Life and death, on the Cabrillo Highway

Day 18: Half Moon Bay to New Brighton Beach, 61 miles

The spinning wheels, the spinning mind. So many thoughts and feelings cycle through, as I cycle. I’m descending a large hill, just south of Half Moon Bay, cross a bridge, and there it is: a beautiful memorial, to a young woman who I assume lost her life here on the Cabrillo Highway. I stop to pay homage, and notice on closer inspection that this shrine is cast in cement. Fresh cement. Just must have been made, this morning, before I reached it. Such a touching moment, seeing the love and sorrow of family and friends, for such a young life, cut short in what must have been a violent, tragic way.

I’m reminded of other deaths, of my friend Zach, who also died at 25, nearly three years ago, while I was on my “End of the World Tour”. We had joked about whether I would see him “on the other side” of my tour. I rode off from Newport, and he died on the beach a couple days later. Heart attack. At such a young age.


Up the next hill, there are vans pulled over, music playing, crazy outfits. Team support, for an event. LifeCycle is today, the LA-SF AIDS ride! ( For the rest of the ride, all the way to Santa Cruz, I’m joined with 2,000 cyclists, in a sponsored fundraising ride to end AIDS. My thoughts turn to my friend Peter, who died in 1993 of AIDS. Peter and I were close, as close as a gay and straight man could be, working to organize, end violence, challenge sexism. Our own chapter of the “pro-feminist” men’s movement. I’d fallen away, feelings of confusion and betrayal, boundaries, and was estranged at the time of his death. But he died in the loving arms of friends and caregivers, in Hudson, New York.

(picture below, Peter and Ocean, circa 1991)


The ride today passes fields, the Pigeon Point Lighthouse, Big Basin, cliffs and beaches, high fog finally burning off to reveal stunning blue skies. Cyclists race by me, twice my speed. I’m carrying full touring gear, which some note – “You sure are weighed down”. In prior years, I might have added, yes, and emotionally too. But not this tour. My spirits are high, even as I pedal on into the unknown.
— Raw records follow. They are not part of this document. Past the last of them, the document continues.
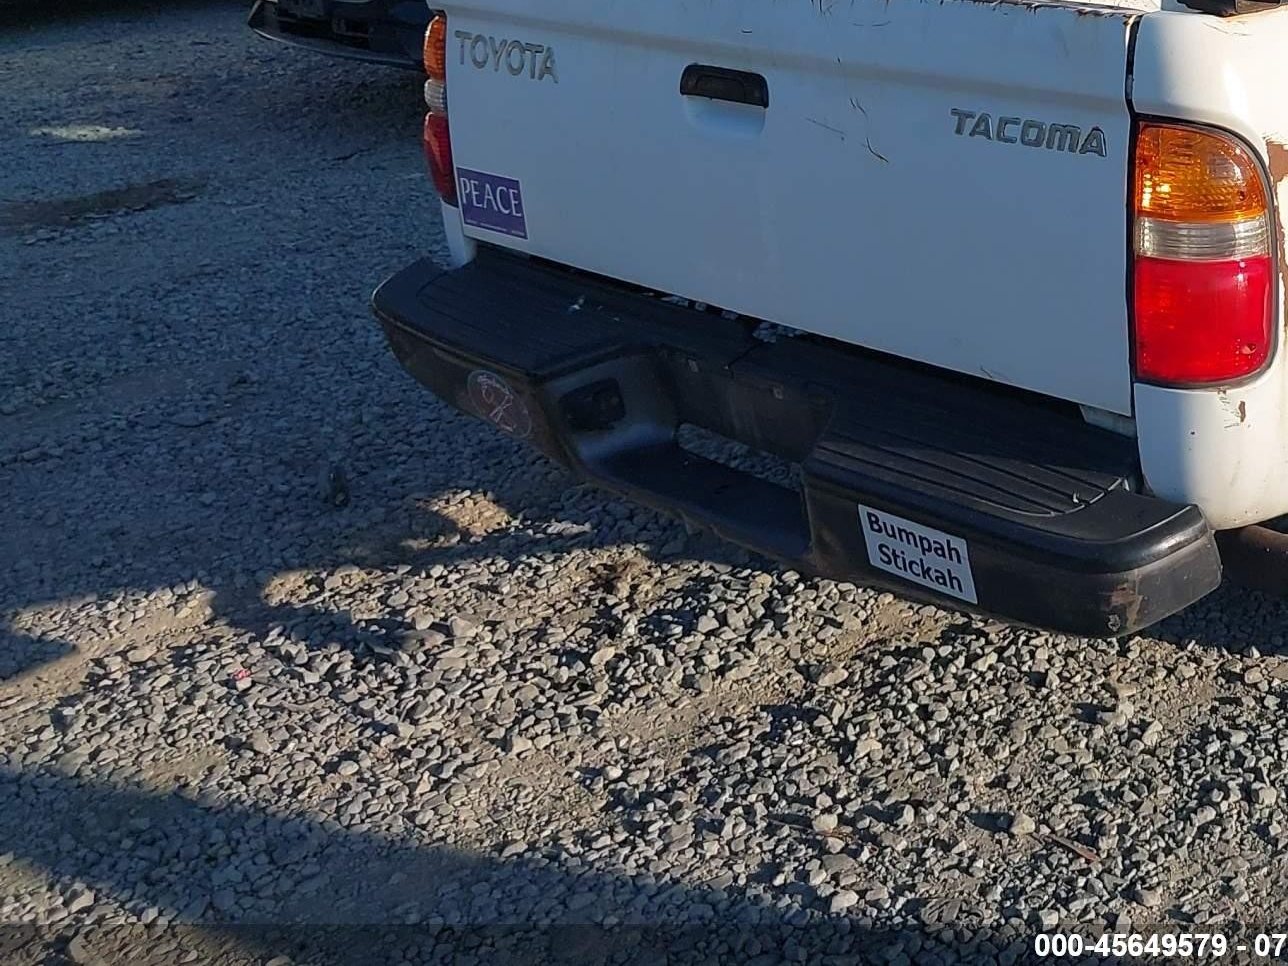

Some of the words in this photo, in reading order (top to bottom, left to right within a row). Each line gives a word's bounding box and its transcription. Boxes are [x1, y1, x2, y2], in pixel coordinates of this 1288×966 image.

[454, 30, 559, 84] TOYOTA
[950, 108, 1108, 158] TACOMA
[460, 177, 522, 217] PEACE
[866, 512, 962, 565] Bumpah
[878, 543, 963, 593] Stickah
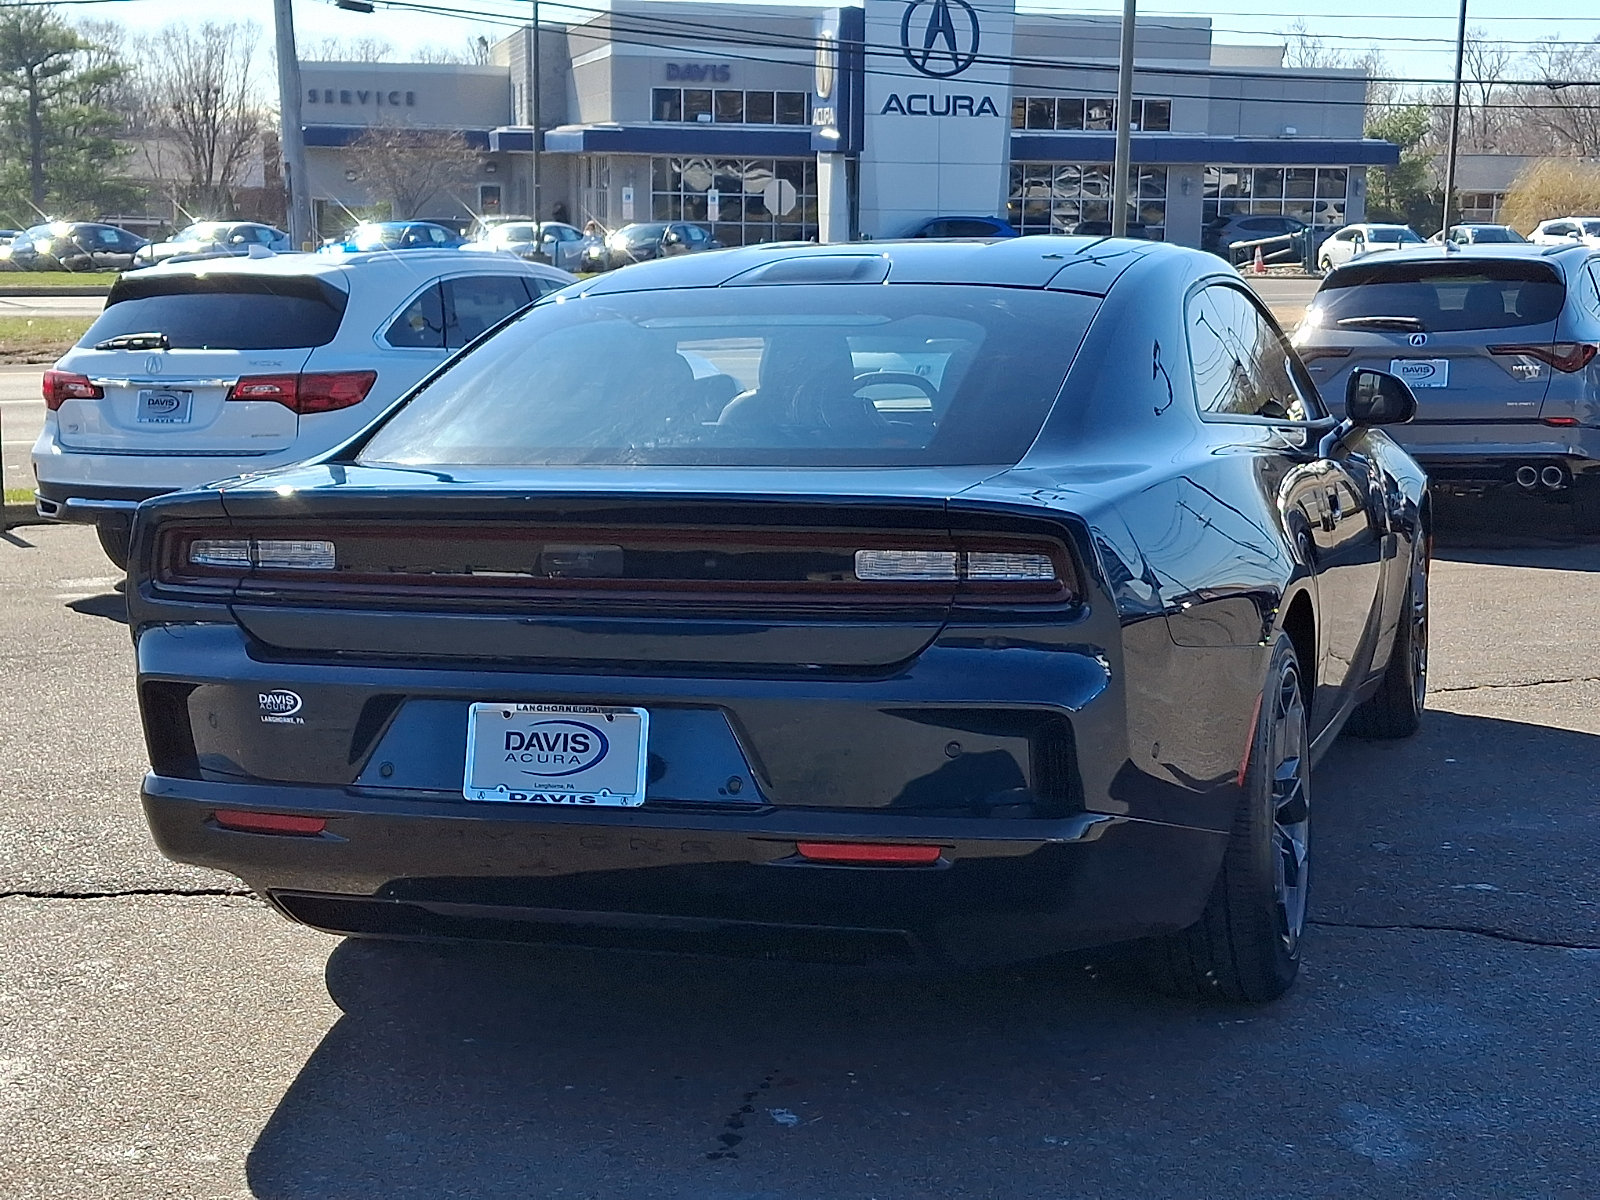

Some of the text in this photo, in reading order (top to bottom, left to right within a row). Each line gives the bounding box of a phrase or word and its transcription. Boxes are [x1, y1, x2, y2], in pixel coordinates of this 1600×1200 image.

[666, 63, 730, 81] DAVIS
[307, 88, 416, 106] SERVICE
[881, 93, 999, 117] ACURA
[812, 107, 834, 126] ACURA
[147, 398, 175, 406] DAVIS
[258, 693, 294, 705] DAVIS
[259, 703, 292, 711] ACURA
[504, 731, 591, 754] DAVIS
[504, 753, 582, 765] ACURA
[508, 792, 597, 804] DAVIS
I’m here to ride, to discover, to make new connections, to find and refine my purpose. To make meaning for my life. This is not a burden, but a gift.

I stop in Davenport for lunch, at the Whale City Cafe. I’m sitting out in the brilliant sun, and two LifeCycle riders ask to join my table. I ask about the ride, which is raising $1.6 million (yes, MILLION) over the 7 days to LA. They ask about my tour, what it’s like to carry all that I need. We toast our coffees for a couple photo ops, then they are off, down the road to end AIDS.
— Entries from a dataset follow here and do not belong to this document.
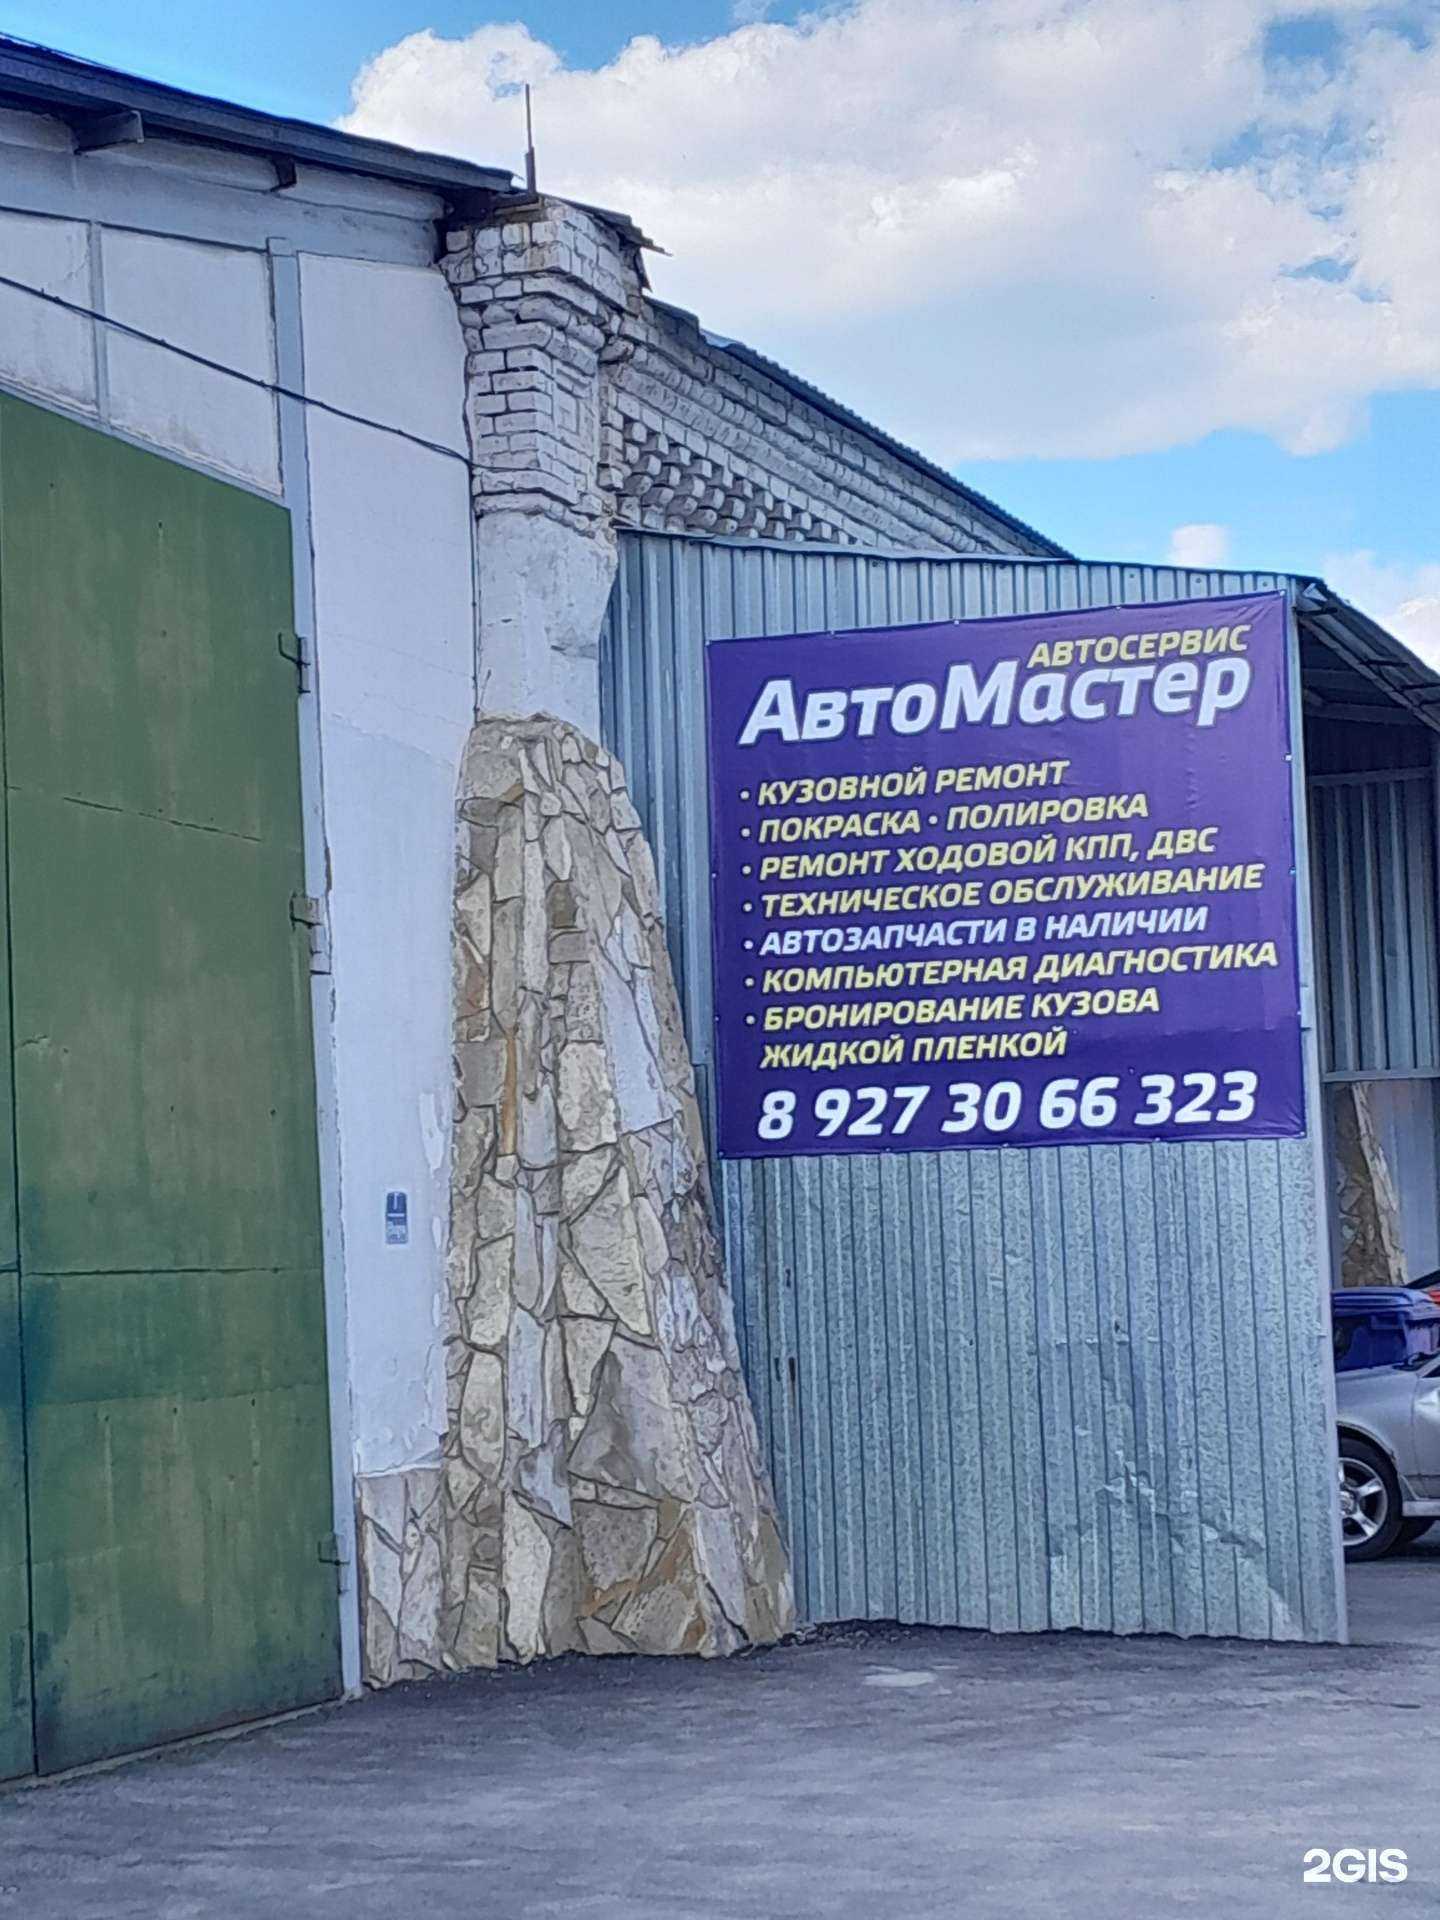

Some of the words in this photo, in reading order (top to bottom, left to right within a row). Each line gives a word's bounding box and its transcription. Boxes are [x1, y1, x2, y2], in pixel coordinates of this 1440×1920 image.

[1028, 624, 1252, 670] АВТОСЕРВИС
[738, 656, 1252, 746] АвтоМастер
[758, 767, 928, 805] КУЗОВНОЙ
[935, 760, 1071, 794] РЕМОНТ
[759, 809, 921, 843] ПОКРАСКА
[946, 794, 1149, 831] ПОЛИРОВКА
[760, 849, 892, 881] РЕМОНТ
[894, 833, 1059, 876] ХОДОВОЙ
[1065, 832, 1139, 865] КПП,
[1147, 827, 1219, 859] ДВС
[762, 882, 980, 918] ТЕХНИЧЕСКОЕ
[989, 864, 1265, 904] ОБСЛУЖИВАНИЕ
[759, 918, 1006, 956] АВТОЗАПЧАСТИ
[1014, 916, 1037, 942] В
[1044, 907, 1209, 941] НАЛИЧИИ
[762, 955, 1027, 993] КОМПЬЮТЕРНАЯ
[1033, 942, 1279, 984] ДИАГНОСТИКА
[763, 995, 1025, 1031] БРОНИРОВАНИЕ
[1031, 987, 1160, 1019] КУЗОВА
[759, 1033, 906, 1071] ЖИДКОЙ
[911, 1025, 1068, 1062] ПЛЕНКОЙ
[757, 1090, 797, 1139] 8
[815, 1084, 931, 1137] 927
[941, 1081, 1021, 1134] 30
[1039, 1076, 1119, 1129] 66
[1134, 1071, 1258, 1126] 323
I continue on to Santa Cruz, remembering all the different times I’ve visited. I ride past the surf museum, then down to the boardwalk, then on to Soquel Drive and the campground in Capitola. A soft surf is breaking below, turquoise waves reflect the blue sky. The sun is setting and a chill catches me. I crawl into my tent, zip up sleeping bag, trying to throw off the cold. But my heart is warm, remembering all that has come before this moment, looking towards what will come next.

I don’t know the date or time of my death. I used to obsess, in fear. Many are shocked at this crazy journey, to bicycle along the highway, sharing the tarmac (British term) with lorries and lunatics. Yet here, on the road I find inspiration, purpose, and deep satisfaction.

What more can a man ask for?

2 thoughts on “Life and death, on the Cabrillo Highway

  1. It’s been fun reading the series of posts from your ride down the coast — there is an obvious trend of increasing satisfaction and splendor with each day’s post! 🙂

    As for the question of death, I’ve told a handful of people that if I happen to die while riding my bicycle, I will have undoubtedly died a happy woman. 🙂

  2. Life is precious. Losing loved ones is a tragic heart break.
    Embracing sorrow, and feeling the rawness of grief, allows me to experience deeper joy.
    Cherish moments and people more.